===== Information provided

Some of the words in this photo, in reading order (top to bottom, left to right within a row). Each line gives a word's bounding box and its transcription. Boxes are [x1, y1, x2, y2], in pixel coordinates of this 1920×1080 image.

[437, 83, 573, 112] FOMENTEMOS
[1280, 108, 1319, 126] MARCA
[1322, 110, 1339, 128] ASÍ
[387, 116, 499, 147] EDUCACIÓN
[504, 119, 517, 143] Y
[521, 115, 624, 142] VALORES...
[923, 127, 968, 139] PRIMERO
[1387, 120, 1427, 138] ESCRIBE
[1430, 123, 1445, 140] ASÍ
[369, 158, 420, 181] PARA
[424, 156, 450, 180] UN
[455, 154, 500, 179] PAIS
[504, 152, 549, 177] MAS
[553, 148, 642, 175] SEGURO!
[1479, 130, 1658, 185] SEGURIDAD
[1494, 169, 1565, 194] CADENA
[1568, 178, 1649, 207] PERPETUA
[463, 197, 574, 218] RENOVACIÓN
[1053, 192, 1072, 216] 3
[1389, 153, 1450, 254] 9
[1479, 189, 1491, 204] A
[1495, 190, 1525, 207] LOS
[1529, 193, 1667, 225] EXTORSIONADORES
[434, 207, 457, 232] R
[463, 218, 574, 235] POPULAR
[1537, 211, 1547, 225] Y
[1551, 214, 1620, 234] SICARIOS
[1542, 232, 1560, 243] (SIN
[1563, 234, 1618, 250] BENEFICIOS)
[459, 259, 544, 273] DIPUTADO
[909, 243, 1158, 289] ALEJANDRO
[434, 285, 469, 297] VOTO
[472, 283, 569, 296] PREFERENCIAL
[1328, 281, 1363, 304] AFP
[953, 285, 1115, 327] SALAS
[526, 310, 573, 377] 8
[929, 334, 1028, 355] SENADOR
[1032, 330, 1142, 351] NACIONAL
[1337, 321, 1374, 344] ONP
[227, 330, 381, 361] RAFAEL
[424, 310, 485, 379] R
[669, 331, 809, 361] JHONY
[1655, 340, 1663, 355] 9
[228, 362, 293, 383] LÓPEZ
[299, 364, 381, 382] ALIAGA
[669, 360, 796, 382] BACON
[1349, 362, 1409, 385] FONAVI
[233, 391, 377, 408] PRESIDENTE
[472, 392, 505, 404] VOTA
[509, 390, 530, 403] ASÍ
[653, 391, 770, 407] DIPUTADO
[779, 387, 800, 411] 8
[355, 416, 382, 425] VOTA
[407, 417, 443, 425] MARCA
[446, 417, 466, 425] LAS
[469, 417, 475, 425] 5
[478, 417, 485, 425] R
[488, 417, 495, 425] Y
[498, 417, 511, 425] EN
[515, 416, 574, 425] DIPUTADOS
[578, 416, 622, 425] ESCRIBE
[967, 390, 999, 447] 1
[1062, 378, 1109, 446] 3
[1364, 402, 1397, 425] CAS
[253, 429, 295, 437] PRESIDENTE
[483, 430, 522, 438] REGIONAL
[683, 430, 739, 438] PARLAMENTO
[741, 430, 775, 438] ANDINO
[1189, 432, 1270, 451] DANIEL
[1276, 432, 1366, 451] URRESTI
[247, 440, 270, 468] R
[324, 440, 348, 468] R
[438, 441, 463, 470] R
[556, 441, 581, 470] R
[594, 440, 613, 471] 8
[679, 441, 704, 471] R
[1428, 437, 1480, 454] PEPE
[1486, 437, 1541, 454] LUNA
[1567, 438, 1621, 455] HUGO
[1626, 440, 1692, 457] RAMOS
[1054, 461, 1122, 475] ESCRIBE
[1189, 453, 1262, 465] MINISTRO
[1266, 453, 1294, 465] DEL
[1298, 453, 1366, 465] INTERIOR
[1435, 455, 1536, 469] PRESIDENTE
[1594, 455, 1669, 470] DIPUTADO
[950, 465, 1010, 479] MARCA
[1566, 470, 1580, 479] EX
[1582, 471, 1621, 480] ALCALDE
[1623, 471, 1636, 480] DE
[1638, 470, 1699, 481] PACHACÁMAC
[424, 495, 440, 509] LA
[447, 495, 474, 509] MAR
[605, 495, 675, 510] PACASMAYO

==========

▸ Work request:
Write each record above out again exactly as it reads.

▸ Result for this task:
Some of the words in this photo, in reading order (top to bottom, left to right within a row). Each line gives a word's bounding box and its transcription. Boxes are [x1, y1, x2, y2], in pixel coordinates of this 1920×1080 image.

[437, 83, 573, 112] FOMENTEMOS
[1280, 108, 1319, 126] MARCA
[1322, 110, 1339, 128] ASÍ
[387, 116, 499, 147] EDUCACIÓN
[504, 119, 517, 143] Y
[521, 115, 624, 142] VALORES...
[923, 127, 968, 139] PRIMERO
[1387, 120, 1427, 138] ESCRIBE
[1430, 123, 1445, 140] ASÍ
[369, 158, 420, 181] PARA
[424, 156, 450, 180] UN
[455, 154, 500, 179] PAIS
[504, 152, 549, 177] MAS
[553, 148, 642, 175] SEGURO!
[1479, 130, 1658, 185] SEGURIDAD
[1494, 169, 1565, 194] CADENA
[1568, 178, 1649, 207] PERPETUA
[463, 197, 574, 218] RENOVACIÓN
[1053, 192, 1072, 216] 3
[1389, 153, 1450, 254] 9
[1479, 189, 1491, 204] A
[1495, 190, 1525, 207] LOS
[1529, 193, 1667, 225] EXTORSIONADORES
[434, 207, 457, 232] R
[463, 218, 574, 235] POPULAR
[1537, 211, 1547, 225] Y
[1551, 214, 1620, 234] SICARIOS
[1542, 232, 1560, 243] (SIN
[1563, 234, 1618, 250] BENEFICIOS)
[459, 259, 544, 273] DIPUTADO
[909, 243, 1158, 289] ALEJANDRO
[434, 285, 469, 297] VOTO
[472, 283, 569, 296] PREFERENCIAL
[1328, 281, 1363, 304] AFP
[953, 285, 1115, 327] SALAS
[526, 310, 573, 377] 8
[929, 334, 1028, 355] SENADOR
[1032, 330, 1142, 351] NACIONAL
[1337, 321, 1374, 344] ONP
[227, 330, 381, 361] RAFAEL
[424, 310, 485, 379] R
[669, 331, 809, 361] JHONY
[1655, 340, 1663, 355] 9
[228, 362, 293, 383] LÓPEZ
[299, 364, 381, 382] ALIAGA
[669, 360, 796, 382] BACON
[1349, 362, 1409, 385] FONAVI
[233, 391, 377, 408] PRESIDENTE
[472, 392, 505, 404] VOTA
[509, 390, 530, 403] ASÍ
[653, 391, 770, 407] DIPUTADO
[779, 387, 800, 411] 8
[355, 416, 382, 425] VOTA
[407, 417, 443, 425] MARCA
[446, 417, 466, 425] LAS
[469, 417, 475, 425] 5
[478, 417, 485, 425] R
[488, 417, 495, 425] Y
[498, 417, 511, 425] EN
[515, 416, 574, 425] DIPUTADOS
[578, 416, 622, 425] ESCRIBE
[967, 390, 999, 447] 1
[1062, 378, 1109, 446] 3
[1364, 402, 1397, 425] CAS
[253, 429, 295, 437] PRESIDENTE
[483, 430, 522, 438] REGIONAL
[683, 430, 739, 438] PARLAMENTO
[741, 430, 775, 438] ANDINO
[1189, 432, 1270, 451] DANIEL
[1276, 432, 1366, 451] URRESTI
[247, 440, 270, 468] R
[324, 440, 348, 468] R
[438, 441, 463, 470] R
[556, 441, 581, 470] R
[594, 440, 613, 471] 8
[679, 441, 704, 471] R
[1428, 437, 1480, 454] PEPE
[1486, 437, 1541, 454] LUNA
[1567, 438, 1621, 455] HUGO
[1626, 440, 1692, 457] RAMOS
[1054, 461, 1122, 475] ESCRIBE
[1189, 453, 1262, 465] MINISTRO
[1266, 453, 1294, 465] DEL
[1298, 453, 1366, 465] INTERIOR
[1435, 455, 1536, 469] PRESIDENTE
[1594, 455, 1669, 470] DIPUTADO
[950, 465, 1010, 479] MARCA
[1566, 470, 1580, 479] EX
[1582, 471, 1621, 480] ALCALDE
[1623, 471, 1636, 480] DE
[1638, 470, 1699, 481] PACHACÁMAC
[424, 495, 440, 509] LA
[447, 495, 474, 509] MAR
[605, 495, 675, 510] PACASMAYO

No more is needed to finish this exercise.